Fresh install from source 2023Q2 (i.e. chromium-113.0.5672.126) on 13.2-RELEASE-p1; machine i5-3570T, 8 GM mem chromium fails on practically every page load with "Aw, Snap! Error Code 5". It fails with the same error on chrome://settings/ It does, however, display plain HTML pages correctly. Messages in the terminal: chrome://settings/ <--- Last few GCs ---> [44673:0x1a55086abc80] 183 ms: Mark-Compact (reduce) 1.5 (3.7) -> 1.5 (2.7) MB, 2.37 / 0.00 ms (average mu = 0.020, current mu = 0.020) last resort; GC in old space requested [44673:0x1a55086abc80] 185 ms: Mark-Compact (reduce) 1.5 (2.7) -> 1.5 (2.7) MB, 2.50 / 0.00 ms (average mu = 0.014, current mu = 0.008) last resort; GC in old space requested <--- JS stacktrace ---> [44673:1469513728:0626/125245.139319:ERROR:v8_initializer.cc(752)] V8 javascript OOM (CALL_AND_RETRY_LAST). There should not be any memory constraints in place, and running as root shows the same behaviour. Options : ALSA : off CODECS : on CUPS : on DEBUG : off DRIVER : on HEIMDAL : off HEIMDAL_BASE : on KERBEROS : on LTO : off MIT : off PULSEAUDIO : off SNDIO : on TEST : off Workaround found: $ chrome --js-flags=--lite-mode
Created attachment 244417 [details] v1 (apply via "git am") The crash looks similar to bug 271838, so try the attached patch.
Well are you running with kern.elf64.allow_wx=0 ?

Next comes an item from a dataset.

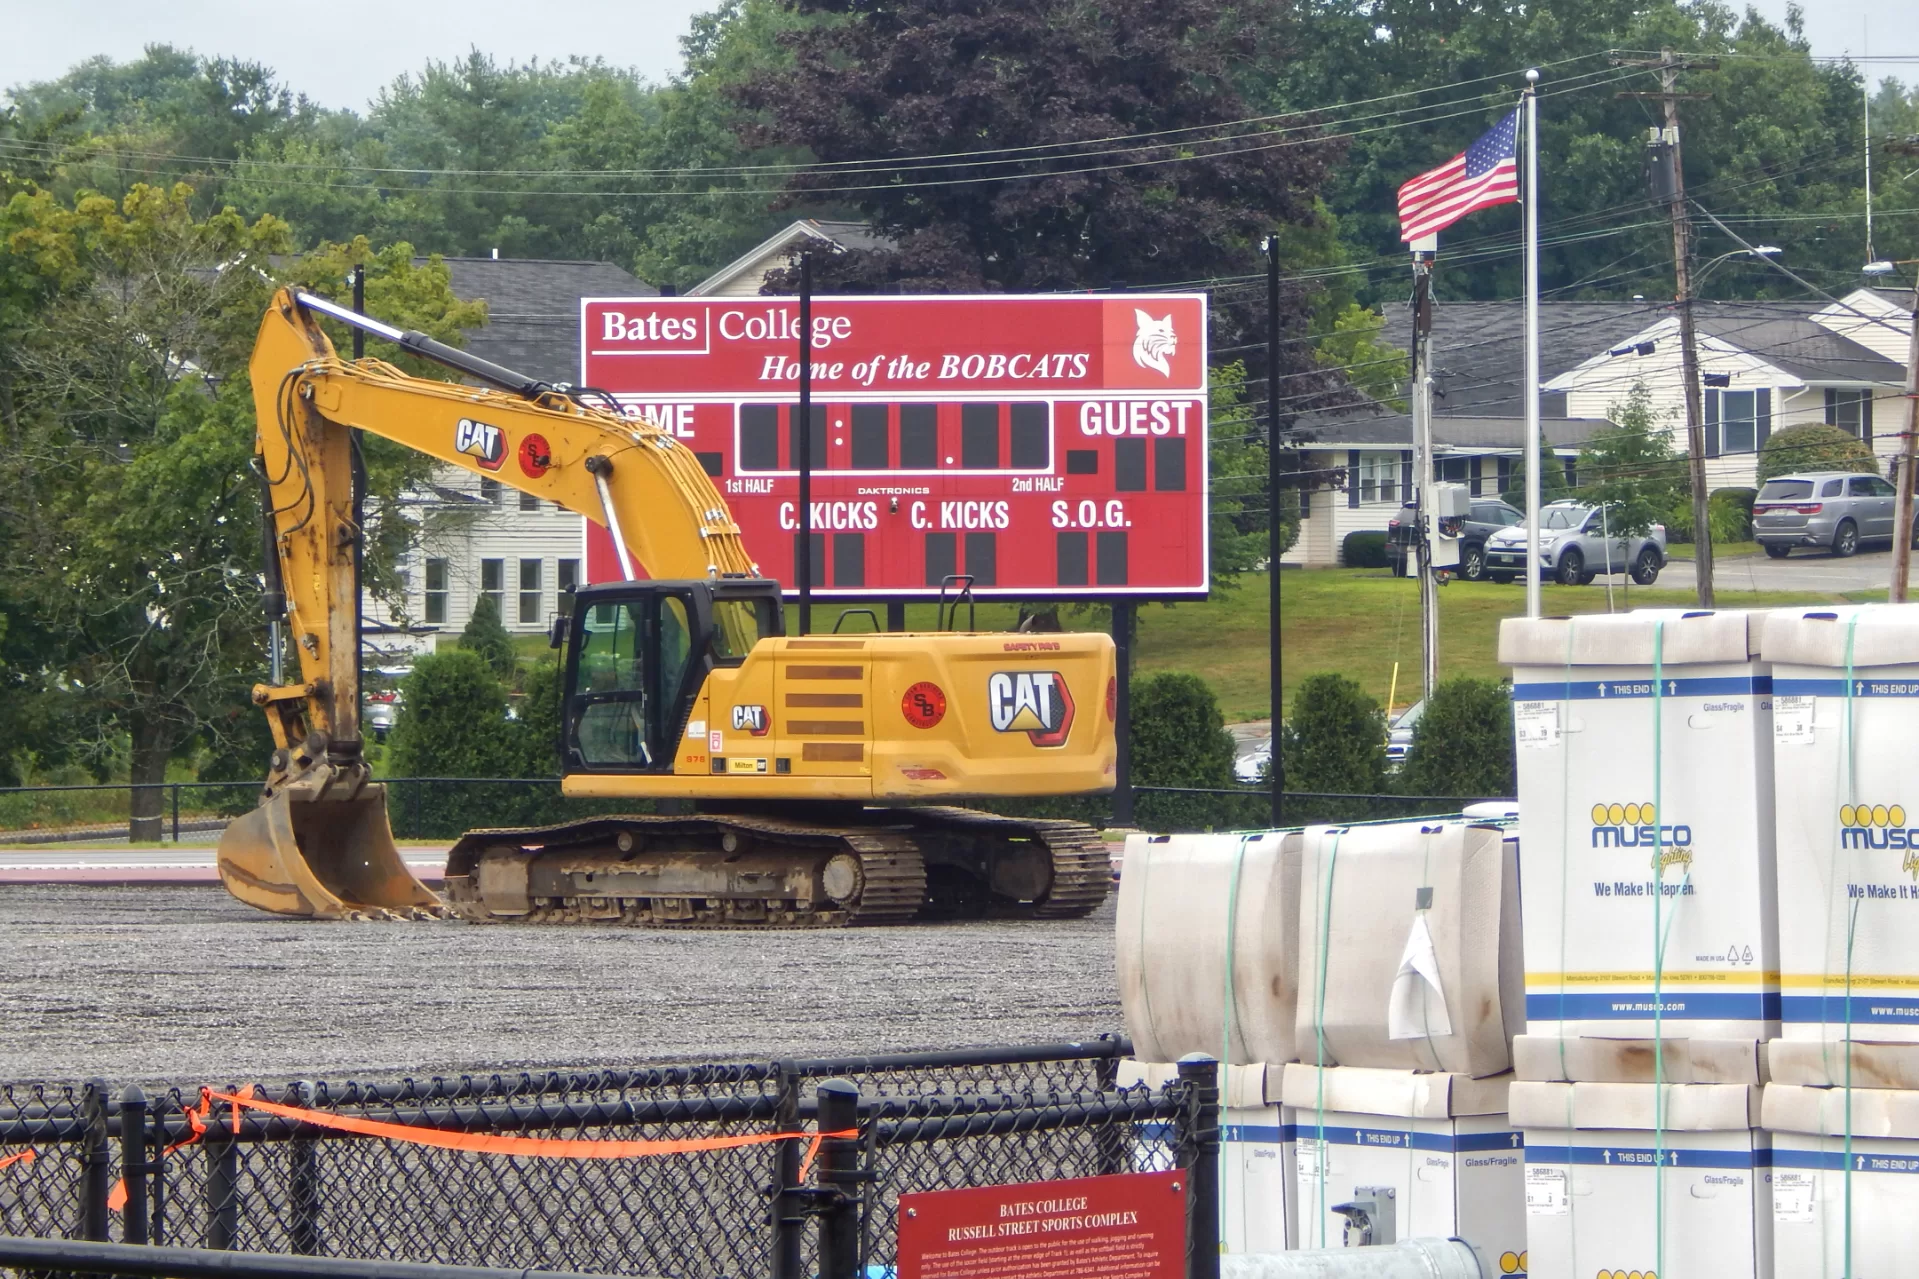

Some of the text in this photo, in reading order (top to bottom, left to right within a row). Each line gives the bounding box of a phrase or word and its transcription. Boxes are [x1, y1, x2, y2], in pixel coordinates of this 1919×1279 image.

What is your 'ulimit -a' output?
(In reply to Robert Nagy from comment #2) Indeed, kern.elf64.allow_wx=0 is the issue! Thank You! When we got the 'elfctl' tool, some of these issues were patched in the ports tree, then for some others (node, libreoffice) I modified the ports tree only locally - and then forgot about the matter. :(
(In reply to Peter Much from comment #4) Using elfctl won't help you in this case, because there is a bug somewhere probably in the kernel that makes v8 fail even with wxneeded and building anything that uses node (v8) will reqire the -Wl,-z,wxneeded because the build will execute binaries. Anyway I think someone has to look into the issue first, which is probably either fork related or multi-threading related. Using proccontrol just "hides" the issues.